To do —
Copy the entries word for word. Keep the pictures out.

Provided information —
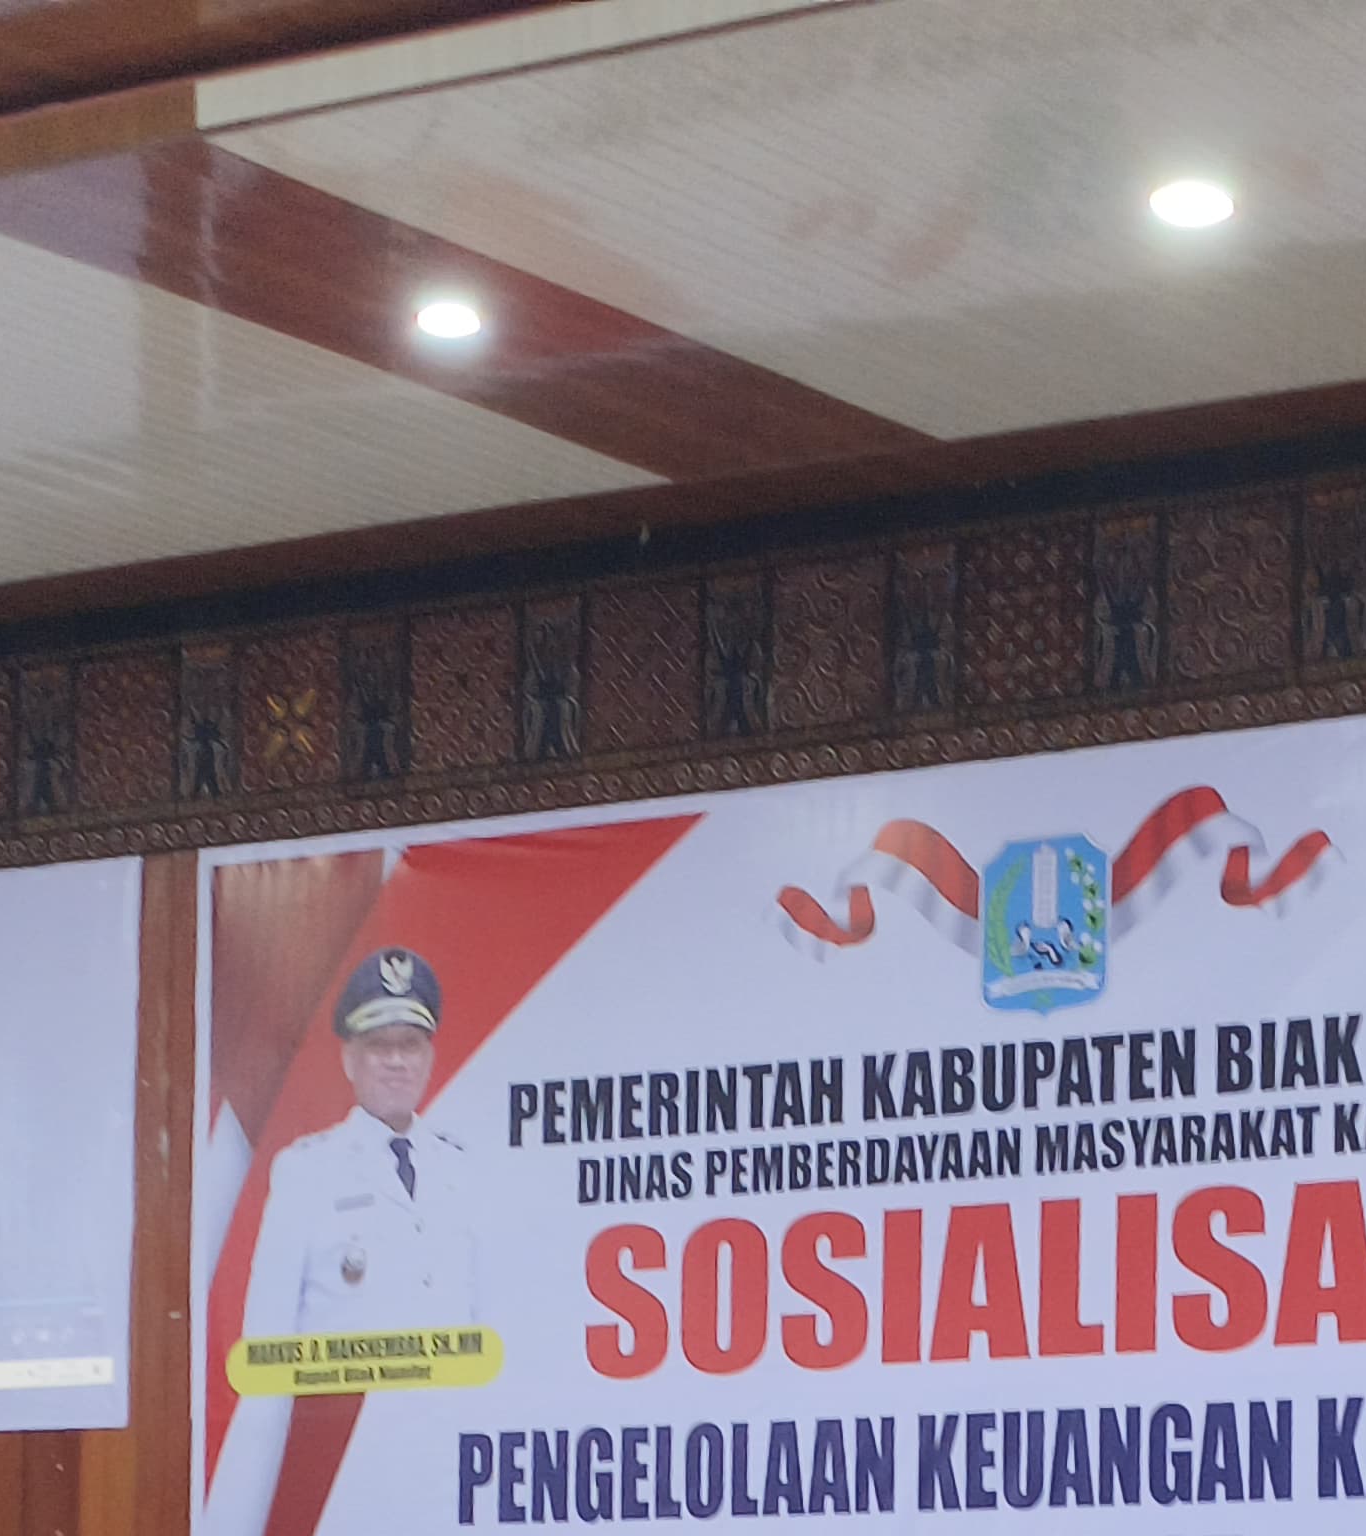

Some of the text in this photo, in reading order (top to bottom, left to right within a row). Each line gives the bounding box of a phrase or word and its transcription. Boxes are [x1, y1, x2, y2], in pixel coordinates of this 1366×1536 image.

[510, 1058, 843, 1147] PEMERINTAH
[863, 1028, 1195, 1121] KABUPATEN
[1217, 1014, 1363, 1094] BIAK
[578, 1152, 692, 1203] DINAS
[706, 1127, 1021, 1196] PEMBERDAYAAN
[1035, 1106, 1320, 1174] MASYARAKAT
[459, 1417, 894, 1525] PENGELOLAAN
[918, 1400, 1292, 1510] KEUANGAN
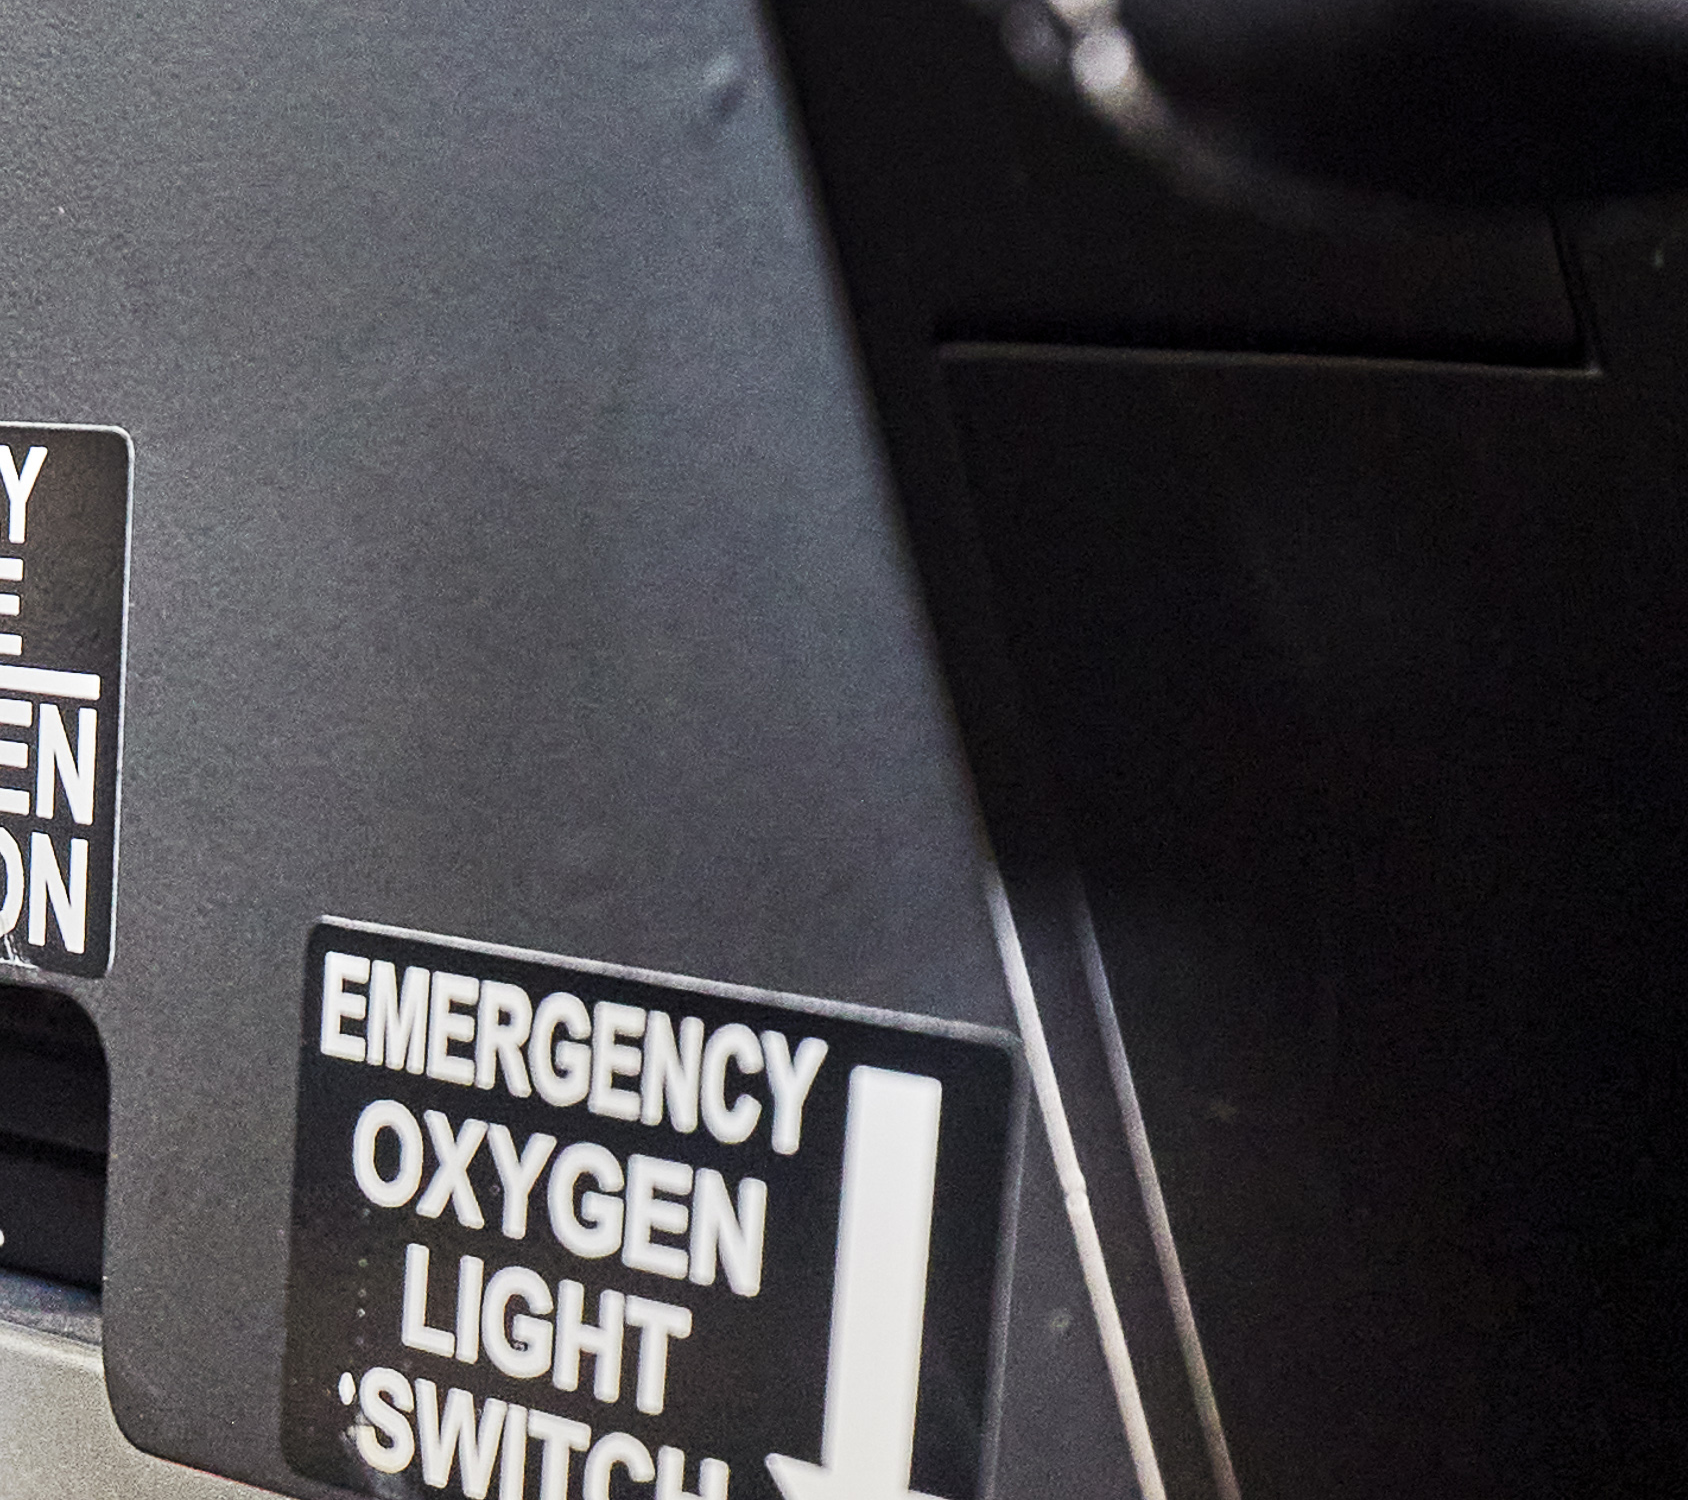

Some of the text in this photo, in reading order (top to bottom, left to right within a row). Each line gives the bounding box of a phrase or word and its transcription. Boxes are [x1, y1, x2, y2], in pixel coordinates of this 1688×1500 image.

Task solution —
Some of the text in this photo, in reading order (top to bottom, left to right within a row). Each line gives the bounding box of a phrase or word and its transcription. Boxes are [x1, y1, x2, y2], in pixel coordinates of this 1366×1536 image.

[510, 1058, 843, 1147] PEMERINTAH
[863, 1028, 1195, 1121] KABUPATEN
[1217, 1014, 1363, 1094] BIAK
[578, 1152, 692, 1203] DINAS
[706, 1127, 1021, 1196] PEMBERDAYAAN
[1035, 1106, 1320, 1174] MASYARAKAT
[459, 1417, 894, 1525] PENGELOLAAN
[918, 1400, 1292, 1510] KEUANGAN

Some of the text in this photo, in reading order (top to bottom, left to right within a row). Each line gives the bounding box of a phrase or word and its transcription. Boxes are [x1, y1, x2, y2], in pixel coordinates of this 1688×1500 image.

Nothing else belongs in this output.